PROBLEM DESCRIPTION
When you retype the entries, keep each one exact and leave out the pictures.

*** SUPPLIED MATERIAL ***

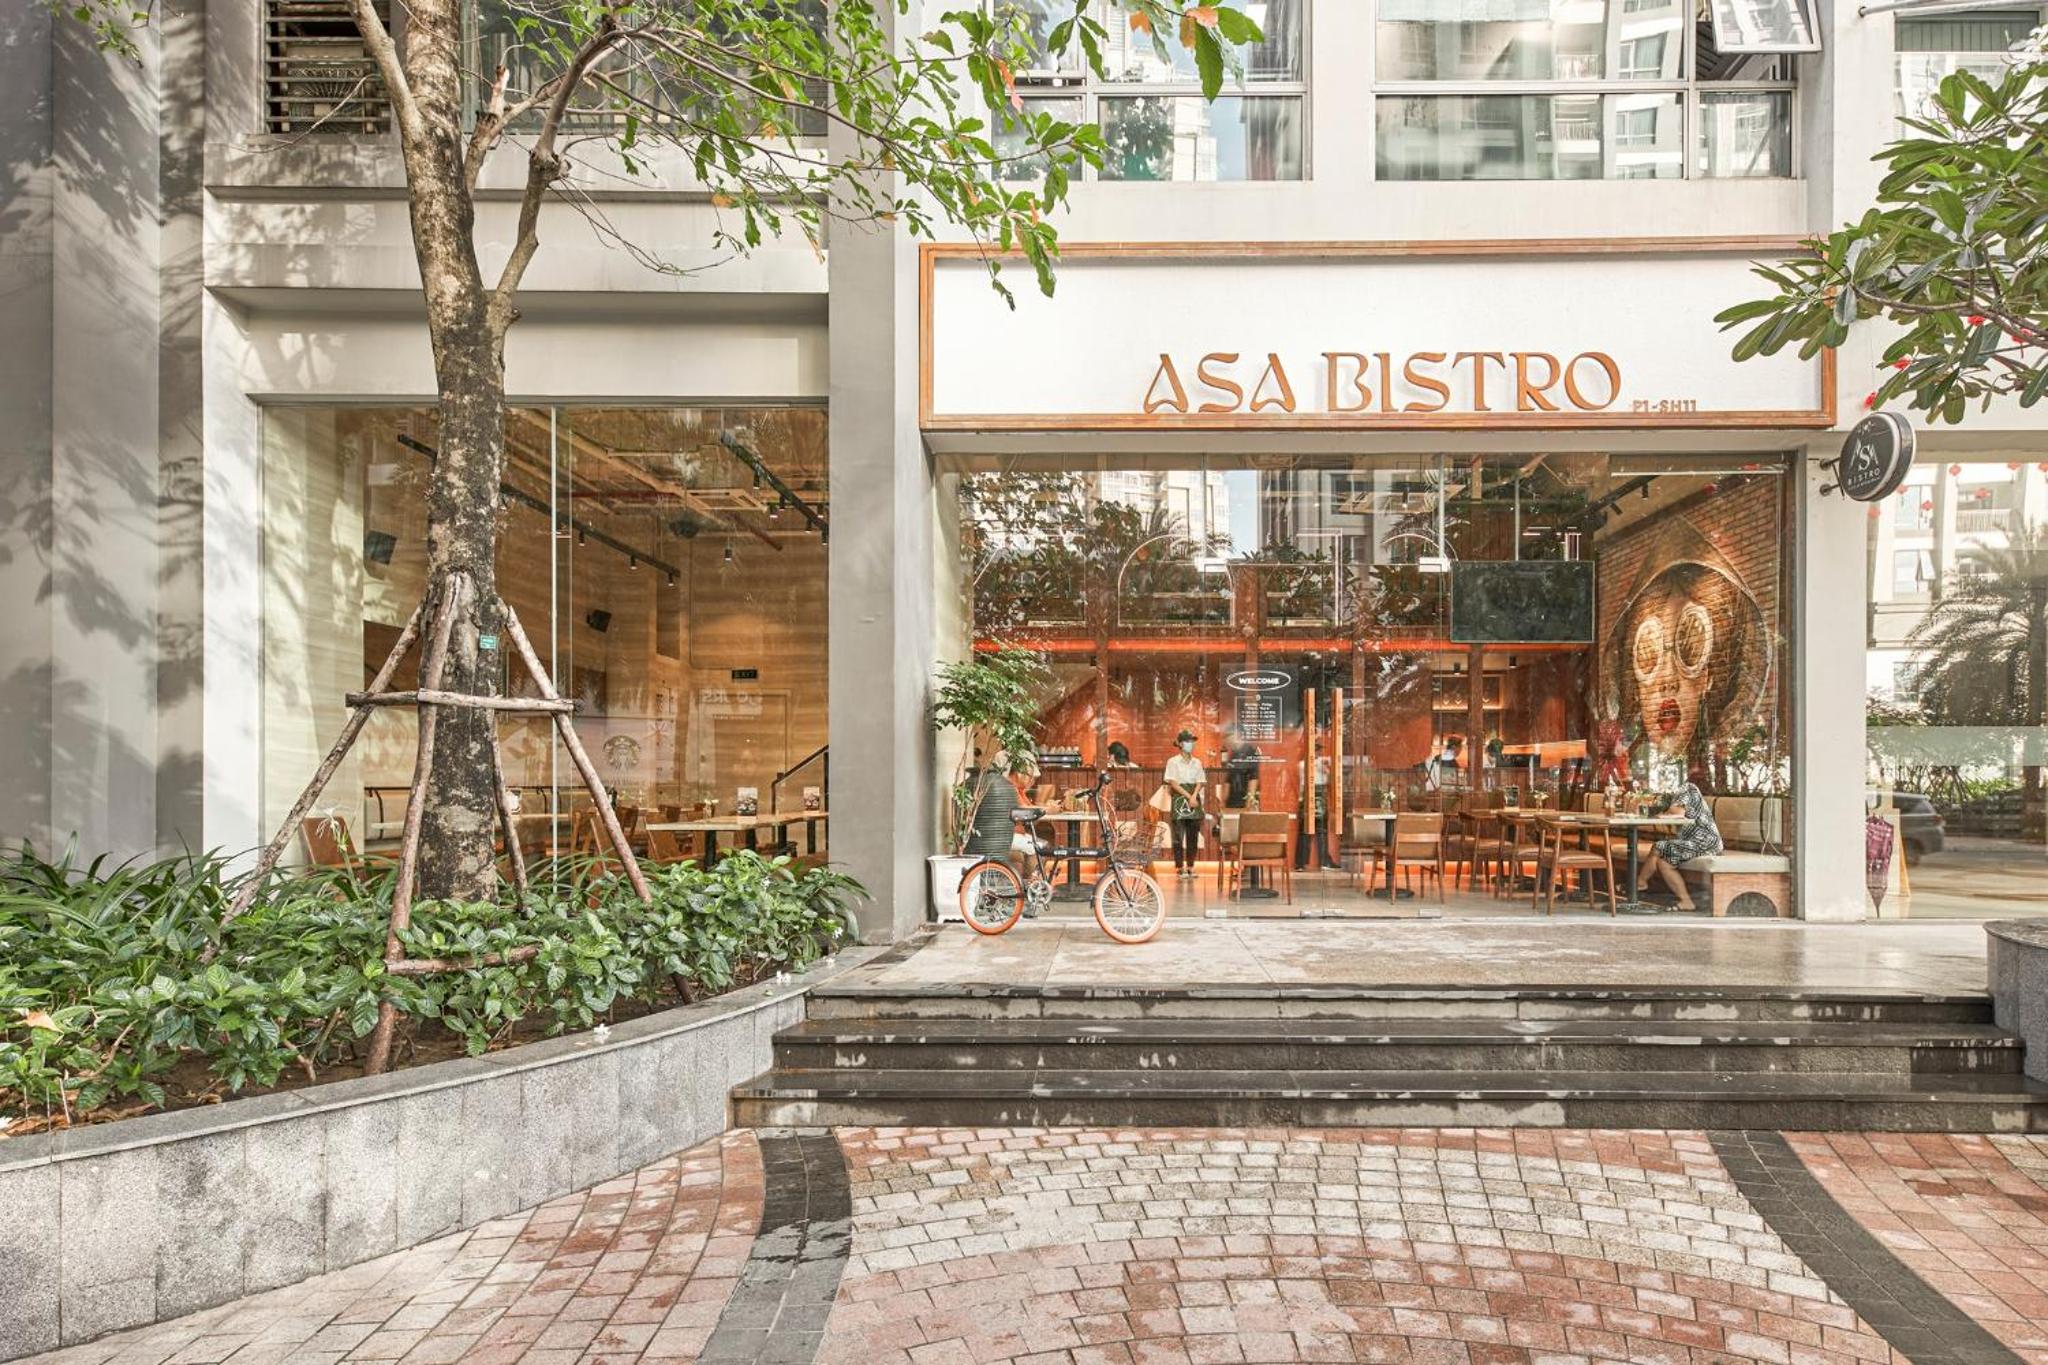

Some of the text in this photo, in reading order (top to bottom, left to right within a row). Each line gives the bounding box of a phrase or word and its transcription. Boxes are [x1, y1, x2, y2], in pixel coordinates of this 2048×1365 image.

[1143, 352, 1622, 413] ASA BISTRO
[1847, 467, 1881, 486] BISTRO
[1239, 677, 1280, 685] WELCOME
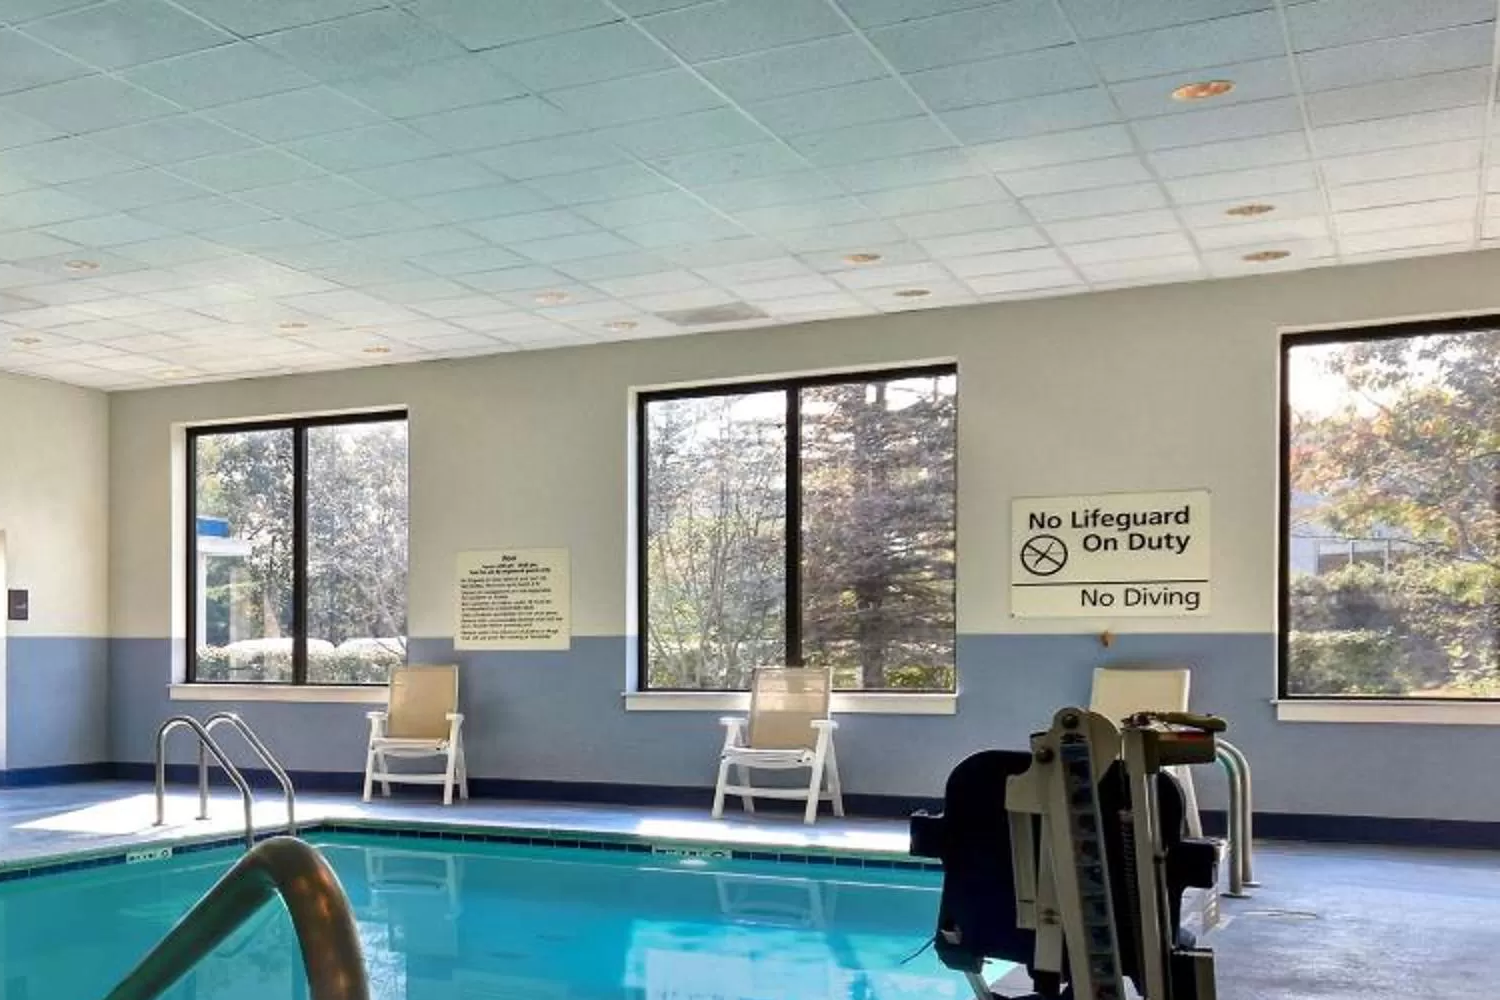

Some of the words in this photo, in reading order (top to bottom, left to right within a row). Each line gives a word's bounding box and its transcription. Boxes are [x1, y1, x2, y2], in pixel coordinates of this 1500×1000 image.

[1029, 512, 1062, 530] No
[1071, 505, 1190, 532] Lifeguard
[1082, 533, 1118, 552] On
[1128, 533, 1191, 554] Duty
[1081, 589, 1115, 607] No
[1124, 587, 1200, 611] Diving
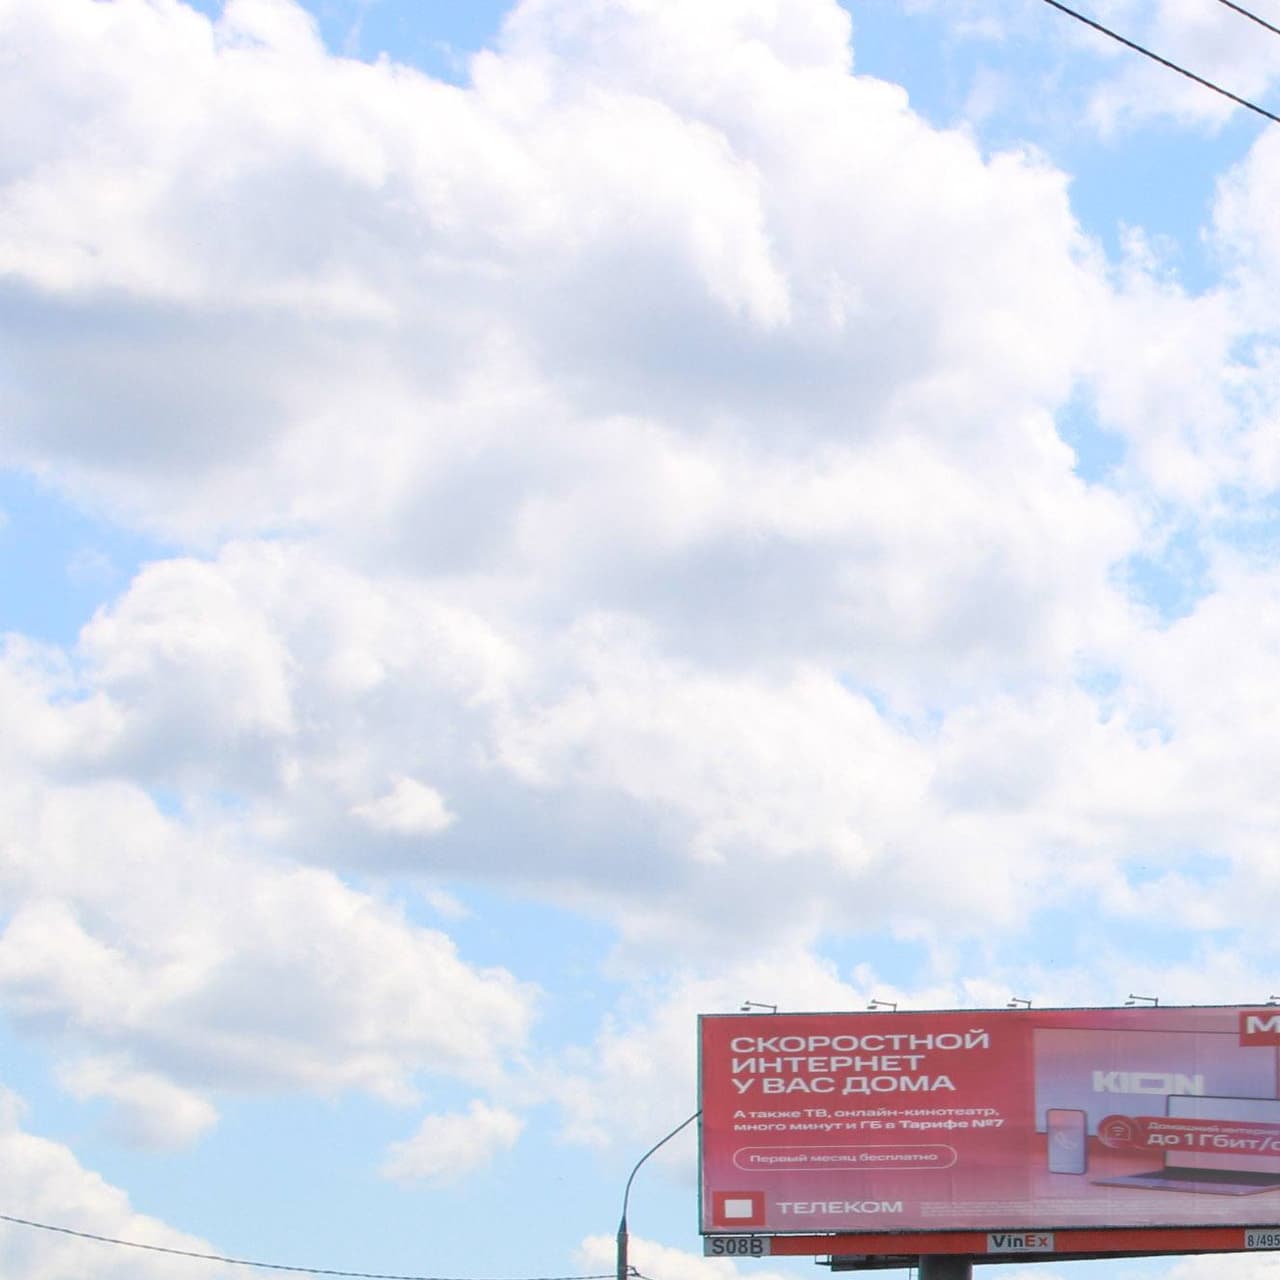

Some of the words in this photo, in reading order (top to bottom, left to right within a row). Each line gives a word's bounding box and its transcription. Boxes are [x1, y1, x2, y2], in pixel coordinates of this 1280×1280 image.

*** End of SUPPLIED MATERIAL ***

SOLUTION FOR THIS EXERCISE
Some of the text in this photo, in reading order (top to bottom, left to right within a row). Each line gives the bounding box of a phrase or word and its transcription. Boxes are [x1, y1, x2, y2], in pixel coordinates of this 2048×1365 image.

[1143, 352, 1622, 413] ASA BISTRO
[1847, 467, 1881, 486] BISTRO
[1239, 677, 1280, 685] WELCOME

Some of the words in this photo, in reading order (top to bottom, left to right within a row). Each line gives a word's bounding box and its transcription. Boxes are [x1, y1, x2, y2], in pixel coordinates of this 1500×1000 image.

[1029, 512, 1062, 530] No
[1071, 505, 1190, 532] Lifeguard
[1082, 533, 1118, 552] On
[1128, 533, 1191, 554] Duty
[1081, 589, 1115, 607] No
[1124, 587, 1200, 611] Diving

Some of the words in this photo, in reading order (top to bottom, left to right within a row). Each line gives a word's bounding box and its transcription. Boxes are [x1, y1, x2, y2], in pixel coordinates of this 1280×1280 image.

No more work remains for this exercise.